Pour s'attirer les faveurs, non pas tant du chien, qui n'acceptera pas toujours l'offre, mais certainement des propriétaires, ou plutôt des compagnons et cohabitants d'autres chiens, toute une industrie du jouet a vu le jour, proposant des trotteurs, des balles, des faux os, des hochets, des échelles circulaires, et autres jouets, des hochets, des échelles circulaires, des tombolas, des tunnels, des sabliers, des disques, des lits, des jouets en caoutchouc, des balles rechargeables, des pièces à assembler et avec beaucoup d'optimisme mathématique, des aménagements logiques et des puzzles, et avec beaucoup d'esprit de compétition, des poids ? Supposons que pour décharger les mâles, il existe des simili-chiens que notre chien dans un environnement humain peut monter...

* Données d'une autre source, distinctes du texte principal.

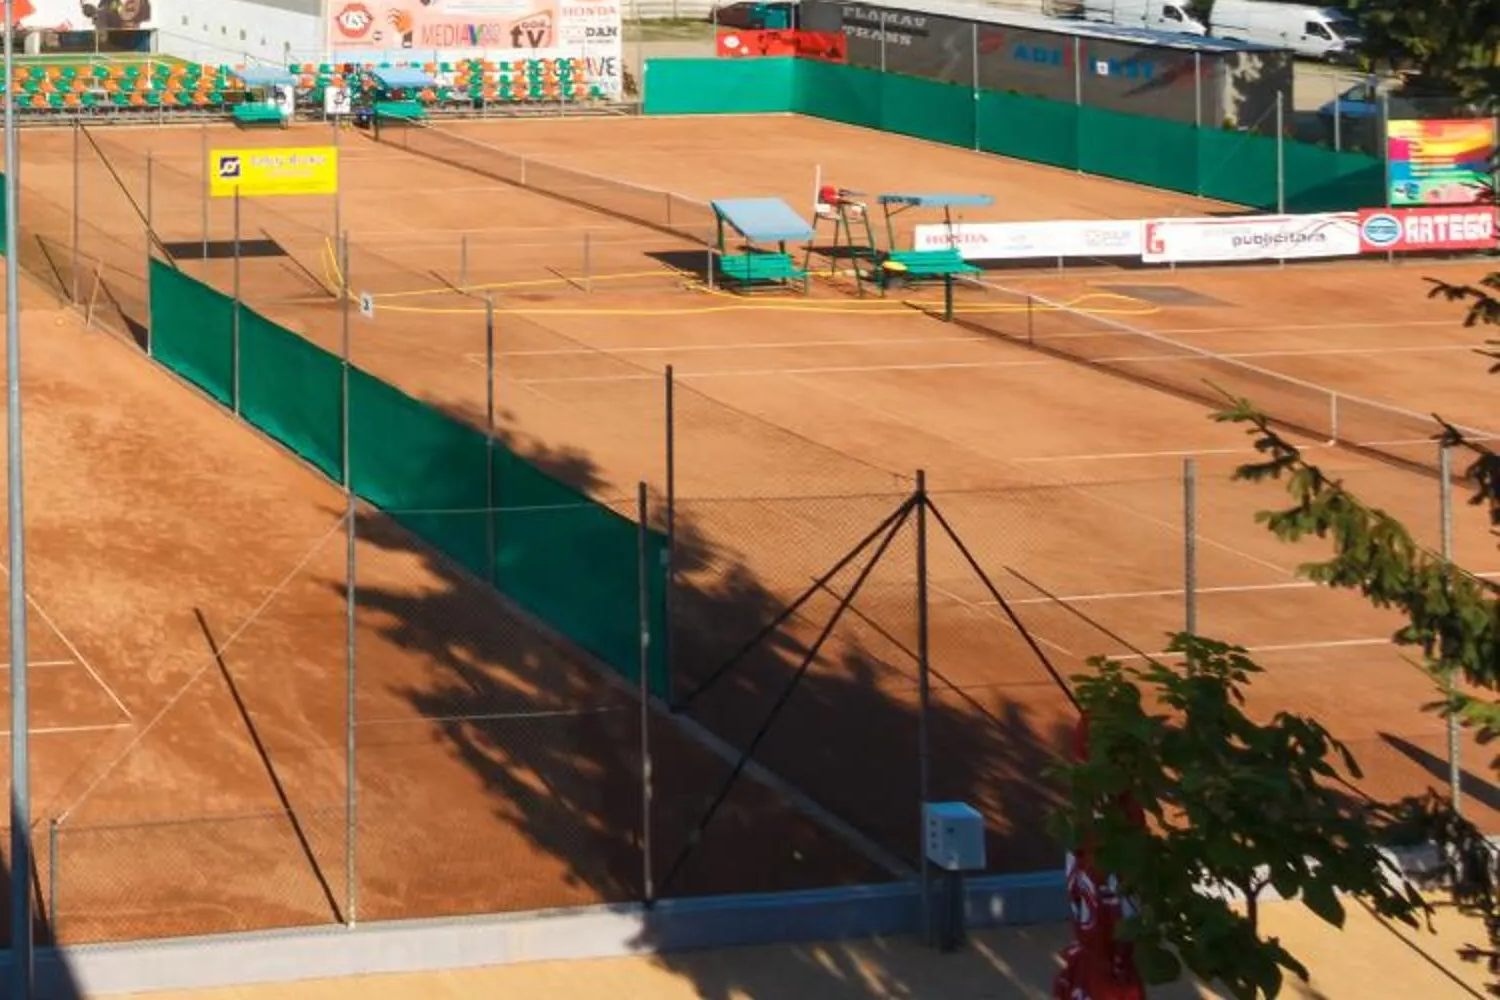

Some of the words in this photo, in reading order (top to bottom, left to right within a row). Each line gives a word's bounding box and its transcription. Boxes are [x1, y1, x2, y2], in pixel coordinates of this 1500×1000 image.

[562, 6, 617, 17] HONDA
[1404, 213, 1493, 244] ARTEGO
[925, 233, 989, 245] HONDA

Et le point culminant de cette identification croissante de l'homme et du chien, qui est à proprement parler l'aboutissement du chien humanisé, est peut-être l'enseignement patient que certains propriétaires de chiens consacrent au chien pour qu’il marche sur deux pattes.

Le chien, bien soigné, répondant à la langue anglaise, habillé avec soin, traité " d'égal à égal " (en espagnol ou mieux encore, en anglais), apprenant à se divertir1, " élevé " avec sa démarche bipède, est devenu un vrai chienfant*.

Question sans réponse : en perdant notre progéniture, sommes-nous en train de nous déshumaniser ?


NdA

11- Ce verbe est rarement mieux appliqué : se divertir vient de di-version, sortir quelqu'un de sa propre version, de son propre chemin, de son propre sens. Dans le langage militaire, cette signification est préservée. Le divertissement est une manière de soustraire quelque chose ou quelqu'un de sa racine existentielle, de sa signification propre.

NdT

*Chienfant : néologisme proposé pour traduire perrhijo, néologisme né au Mexique en 2011, formé à partir de perro (chien) et hijo (fils, enfant). La RAE (Real Academia Española de la Lengua) écrit : « Bien qu'elle soit assez fréquente, la forme perrhijo est déconseillée, étant donné que le double r suivi de h est étranger à l'espagnol. L'alternative sans h (perrijo) est en revanche bien formée, mais peut prêter à confusion quant à sa signification, puisque -ijo est un suffixe utilisé pour former des péjoratifs et des diminutifs. Les formes perrohíjo ou perrihijo seraient plus appropriées, la première avec un accent sur le i et la seconde sans accent selon les règles d'accentuation des hiatus de l’Ortohographe de la langue espagnole ».